Si fa presto a dire quercia. Un seminario aperto, interattivo ed itinerante per conoscere le specie vegetali del presente e del passato nel nostro territorio

Venerdì 17 novembre, alle 15.30, presso il Museo della Navigazione nelle Acque Interne si svolgerà il seminario aperto “Si fa presto a dire quercia”. Come descritto nel sottotitolo, si tratta di un seminario aperto, interattivo ed itinerante per conoscere le specie vegetali del presente e del passato nel nostro territorio.

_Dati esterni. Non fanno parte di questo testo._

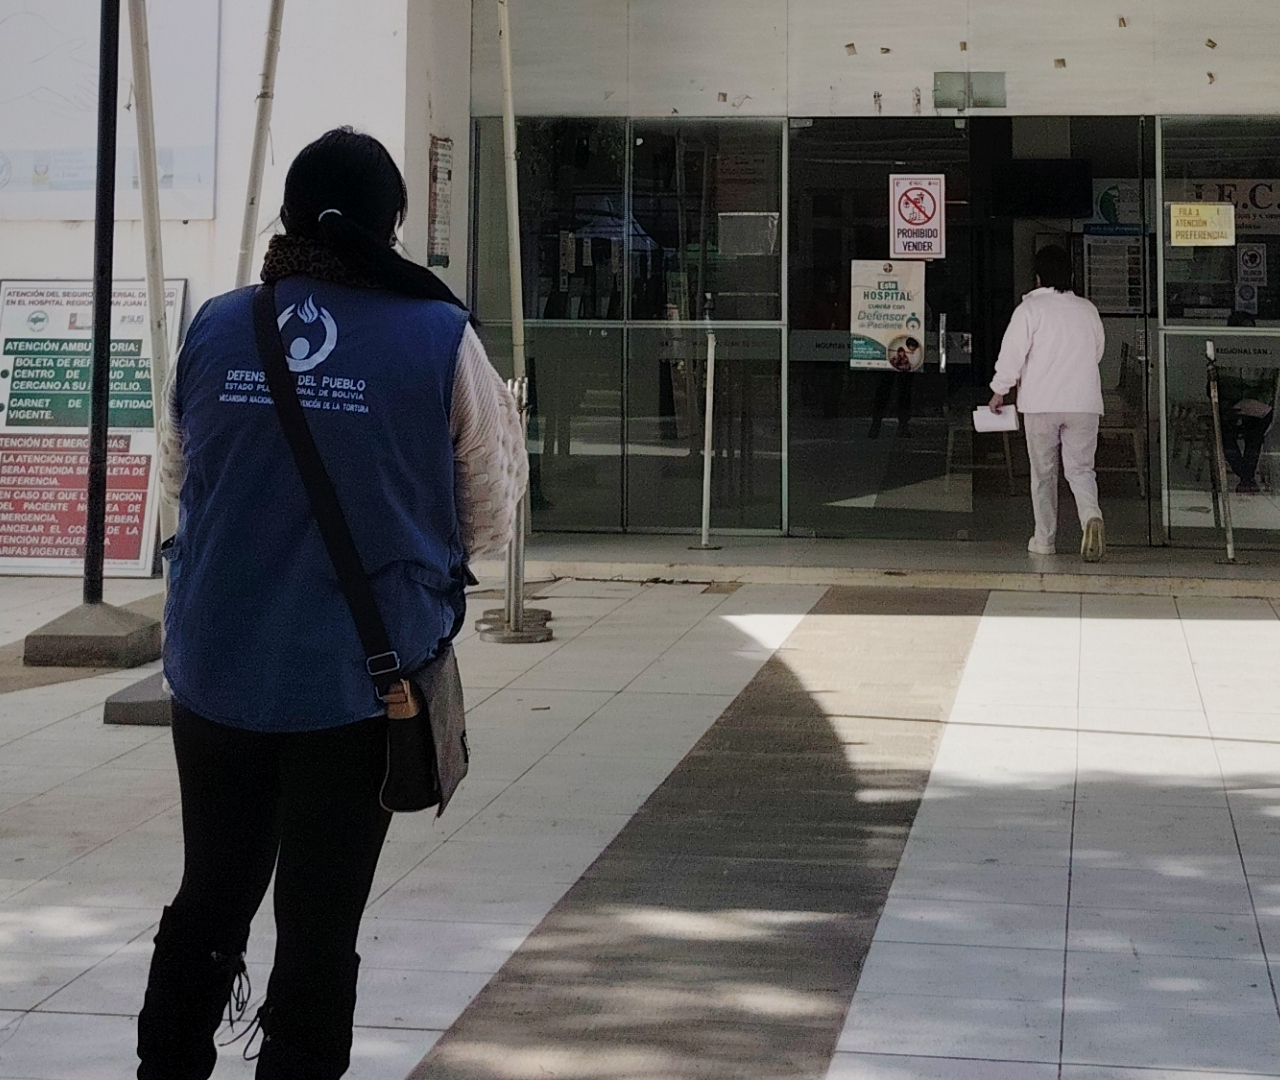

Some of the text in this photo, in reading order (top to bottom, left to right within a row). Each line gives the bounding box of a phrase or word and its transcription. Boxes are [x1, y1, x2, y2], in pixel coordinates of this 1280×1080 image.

[1176, 219, 1207, 227] ATENCIÓN
[897, 228, 938, 239] PROHIBIDO
[1176, 230, 1228, 239] PREFERENCIAL
[902, 241, 932, 252] VENDER
[864, 291, 912, 301] HOSPITAL
[857, 310, 907, 321] Defensor
[5, 342, 138, 351] ATENCIÓN AMBUORIA:
[16, 359, 54, 367] BOLETA
[73, 359, 135, 368] REFNCIA
[14, 370, 54, 379] CENTRO
[66, 370, 79, 378] DE
[13, 381, 61, 390] CERCANO
[62, 381, 70, 389] A
[72, 382, 86, 390] SU
[297, 375, 317, 387] DEL
[322, 376, 366, 391] PUEBLO
[225, 382, 253, 391] ESTADO
[332, 390, 364, 400] BOLIVIA
[10, 399, 50, 408] CARNET
[343, 403, 369, 413] TORTURA
[8, 411, 54, 419] VIGENTE.
[57, 439, 127, 448] EMERGIAS:
[16, 454, 63, 463] ATENCIÓN
[65, 456, 78, 464] DE
[28, 466, 74, 474] ATENDIDA
[14, 491, 39, 500] CASO
[58, 492, 77, 500] QUE
[80, 492, 88, 500] L
[106, 491, 142, 501] ENCIÓN
[24, 503, 68, 511] PACIENTE
[128, 504, 141, 512] DE
[126, 526, 138, 534] LA
[30, 547, 79, 556] VIGENTES.

Coinvolgeremo il pubblico con attività interattive, tramite un’applicazione per smartphone da scaricare gratuitamente, e con l’osservazione delle specie arboree presenti all’esterno. Cominciando dal reperto più antico conservato nel museo, la piroga monossila dell’età del bronzo recente/finale e dalla piroga ancora sommersa nelle acque antistanti il Monte Bisenzio, si illustreranno, poi, le varie querce presenti oggi sul territorio; quindi si procederà ad analizzarne le caratteristiche mediante metodi interattivi. Infine, le riflessioni conclusive e la discussione. Il seminario sarà condotto dal Dott. Gianluca Forti, direttore del Museo del Fiore di Acquapendente, con la collaborazione del Dott. Fabio Rossi, direttore del Museo della Preistoria della Tuscia e della Rocca Farnese di Valentano, appartenenti al Sistema Museale del Lago di Bolsena (SiMuLaBo), e della Dott.ssa Caterina Pisu, direttrice del Museo della Navigazione nelle Acque Interne di Capodimonte.

Il Seminario “Si fa presto a dire quercia” è stato inserito tra le attività correlate del programma del Museo del Fiore per la Settimana Unesco CNES 2017 per l’Educazione alla Sostenibilità.
La partecipazione al seminario è libera.

Per informazioni: museo.capodimonte@gmail.com; cell. 3391364151.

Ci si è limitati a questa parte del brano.